Work to complete:
Write out each record exactly as it stands. No pictures belong in the copy.

Given entries:
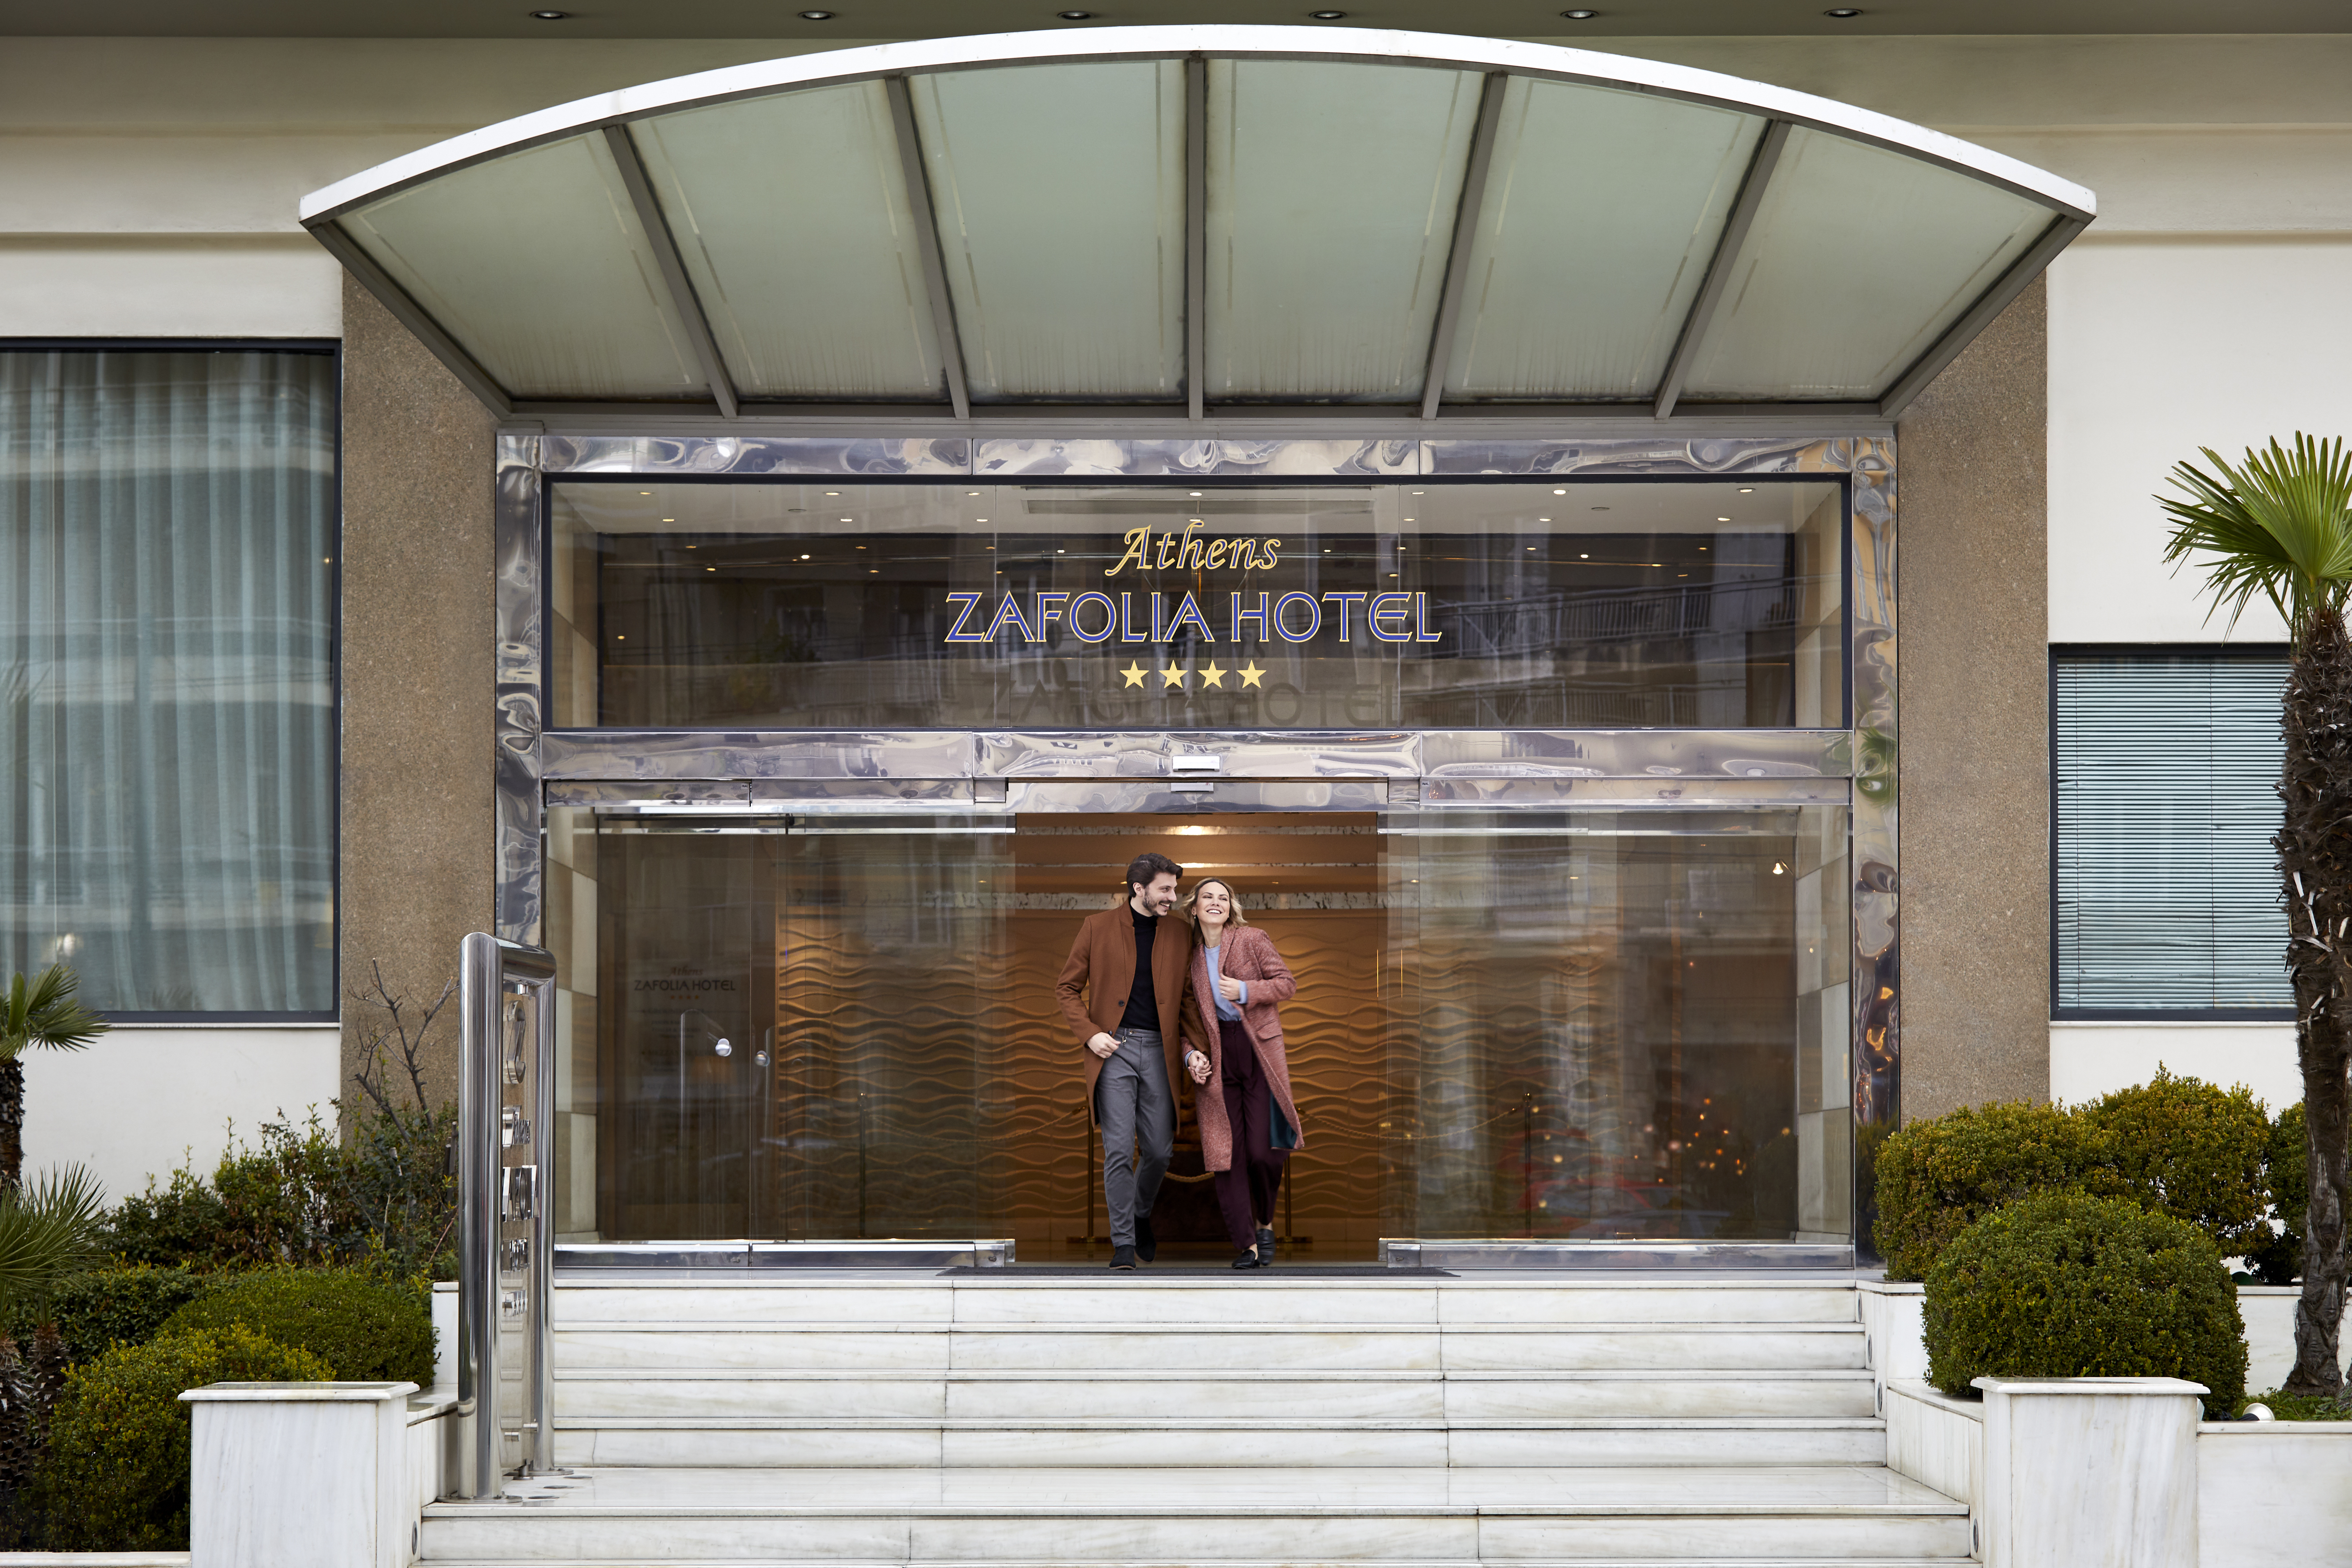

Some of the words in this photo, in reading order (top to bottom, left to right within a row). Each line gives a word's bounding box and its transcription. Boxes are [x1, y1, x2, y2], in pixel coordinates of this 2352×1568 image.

[1105, 519, 1281, 576] Athens
[944, 590, 1215, 643] ZAFOLIA
[1231, 591, 1442, 643] HOTEL
[634, 980, 689, 991] ZAFOLIA
[692, 980, 735, 991] HOTEL
[669, 966, 704, 976] Athens

Exercise answer:
Some of the words in this photo, in reading order (top to bottom, left to right within a row). Each line gives a word's bounding box and its transcription. Boxes are [x1, y1, x2, y2], in pixel coordinates of this 2352×1568 image.

[1105, 519, 1281, 576] Athens
[944, 590, 1215, 643] ZAFOLIA
[1231, 591, 1442, 643] HOTEL
[634, 980, 689, 991] ZAFOLIA
[692, 980, 735, 991] HOTEL
[669, 966, 704, 976] Athens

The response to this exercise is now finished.